Channelling Emotion

As I have mentioned before, the word ‘channelling’ gets used a lot in modern day English and has different uses. Collins dictionary defines its use as a verb thus:

“If you channel your energies or emotions into something, you concentrate on or do that one thing, rather than a range of things.”

I find art as a way of processing emotion very useful and often explain it this way as twpo separate ‘applications’.

1.     You can ‘lean in’ to emotions and channel them into the creative work.

2.     You can lean away from emotion and use art as a distraction.

Often, students of mine who have done art therapy intensively can find the first application can take them away from being able to use art in the second way. They can get stuck in the first application and it can make art more associated with difficulty than with ease and can take the joy away.

I find personally that the second application can come in very handy on occasion. Even the calmest of us can struggle at times with upset, anger or frustration. A surge of emotion can feel unwelcome or strange to deal with as we may not be used to feeling so emotional.

Processing emotion is also something that people can get very stuck with.  Not being able to find a useful or constructive release for emotions and getting stuck with feelings they cannot process is common.

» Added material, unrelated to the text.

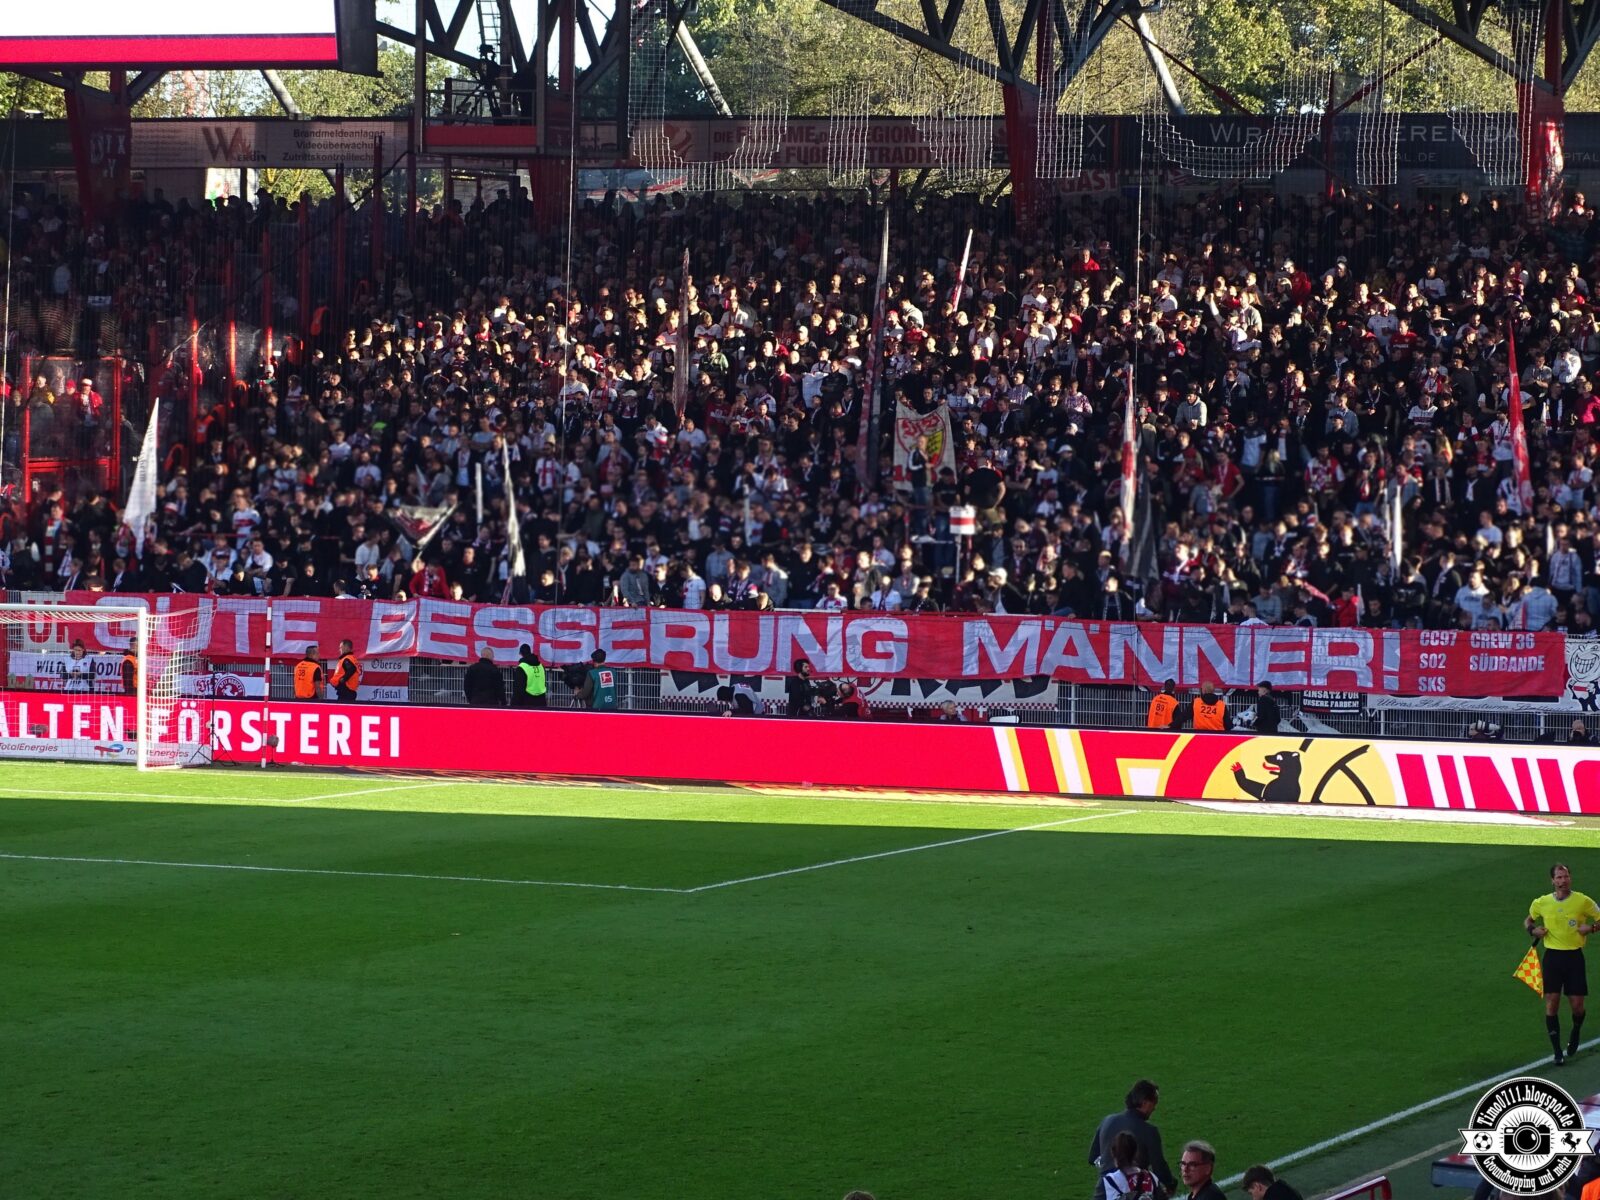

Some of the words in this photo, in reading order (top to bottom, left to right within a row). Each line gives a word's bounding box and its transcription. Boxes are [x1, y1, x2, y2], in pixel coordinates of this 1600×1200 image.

Channelling the emotion into a creative release is a very cathartic process and one that can be very productive. It is the opposite of a creative block, there is a rush to fill the open page with words or the blank substrate with marks and colour. Using non-figurative art to release these feelings can also feel primal. Once released, calmness can be restored, or you can go back in over several sessions to let go of the energy created by the emotion.

This transmuting of otherwise destructive or damaging emotions can be a beautiful thing. Often the artist is the only one who knows how the process felt. The end result may be bright and bold but may have come from anger or frustration. The work may have been created over several sessions so that different emotional energy was at play at different times.

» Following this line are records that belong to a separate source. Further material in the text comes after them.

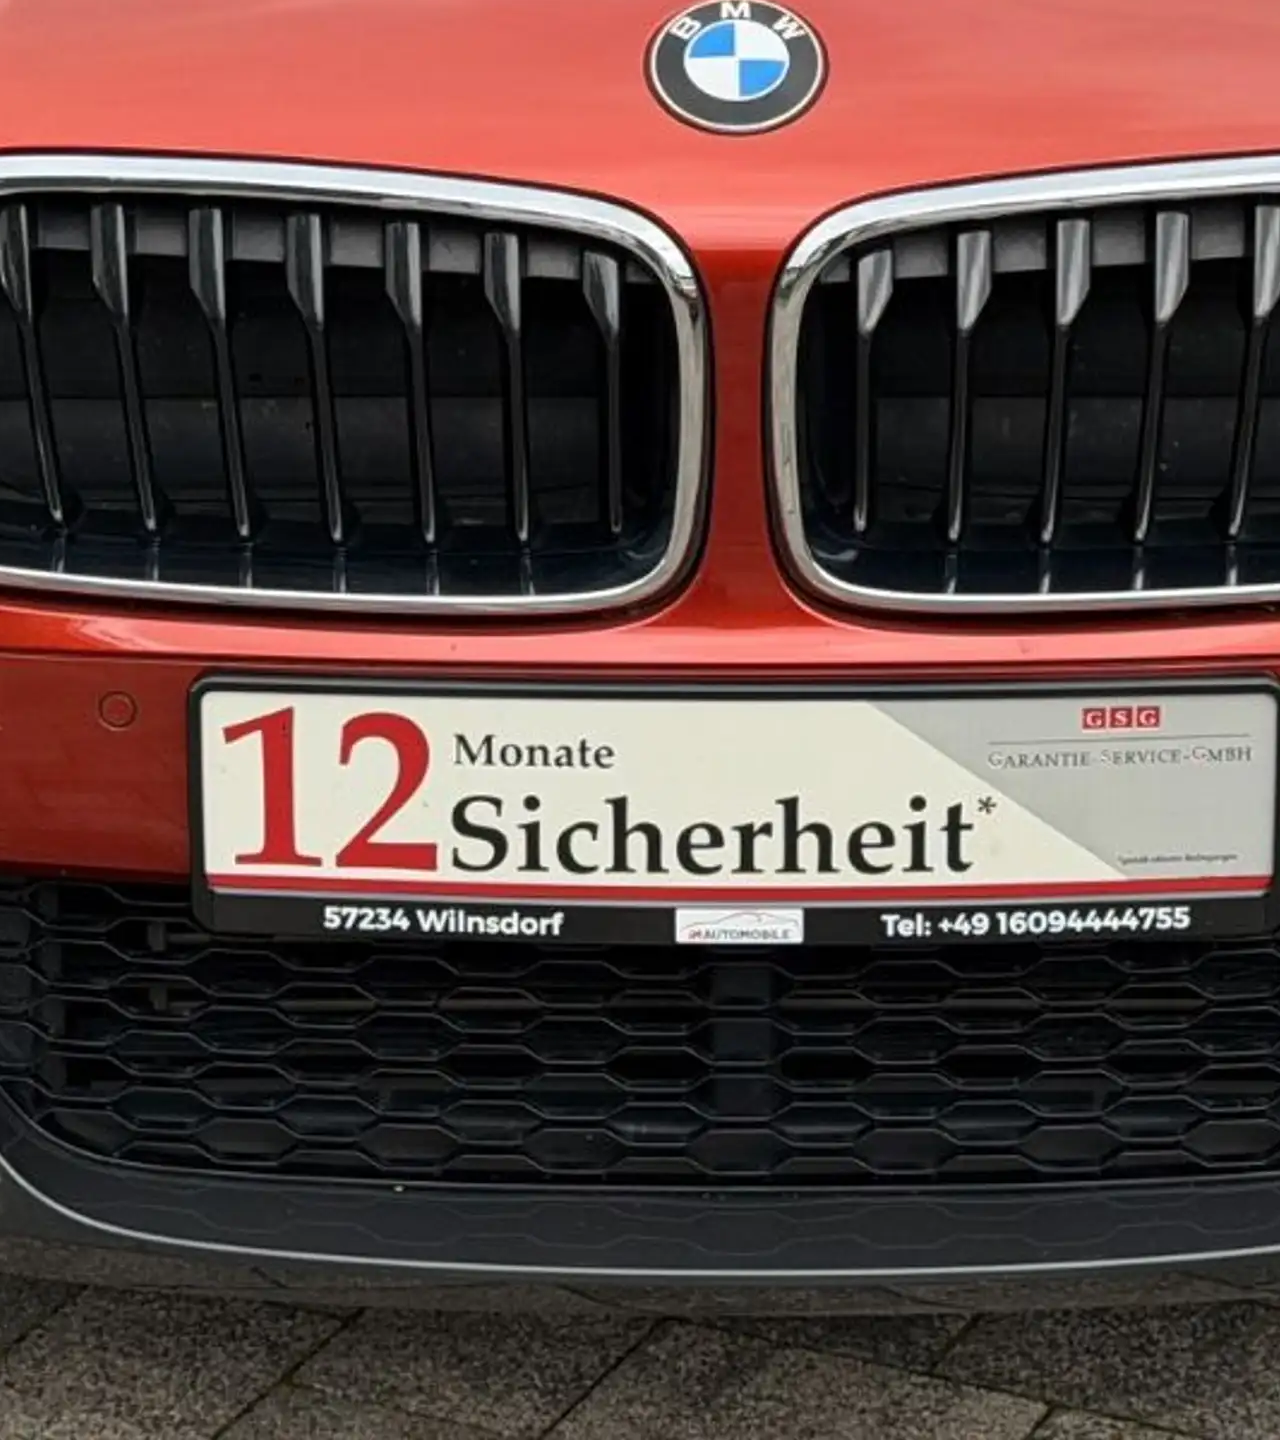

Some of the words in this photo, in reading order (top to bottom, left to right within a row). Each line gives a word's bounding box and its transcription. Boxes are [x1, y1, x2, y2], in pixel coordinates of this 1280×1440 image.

[669, 0, 806, 41] BMW
[1081, 705, 1161, 731] GSG
[451, 733, 616, 770] Monate
[221, 705, 439, 872] 12
[322, 905, 411, 931] 57234
[415, 909, 565, 936] Wilnsdorf
[880, 913, 931, 937] Tel:
[937, 912, 990, 936] +49
[995, 905, 1192, 935] 16094444755

This is what happened with this series, the anger and frustration released onto the white surface in an emotional vomit of colour. Paint was used in a variety of thicknesses, sgraffito was used to gouge into the surface, oil pastel was added, some activated and some not. Hands and fingers were used, as were brushes and scraping tools. There was a physical and emotional release.

So, channelling is not necessarily just a spiritual process, using emotion is also a valid channelling process.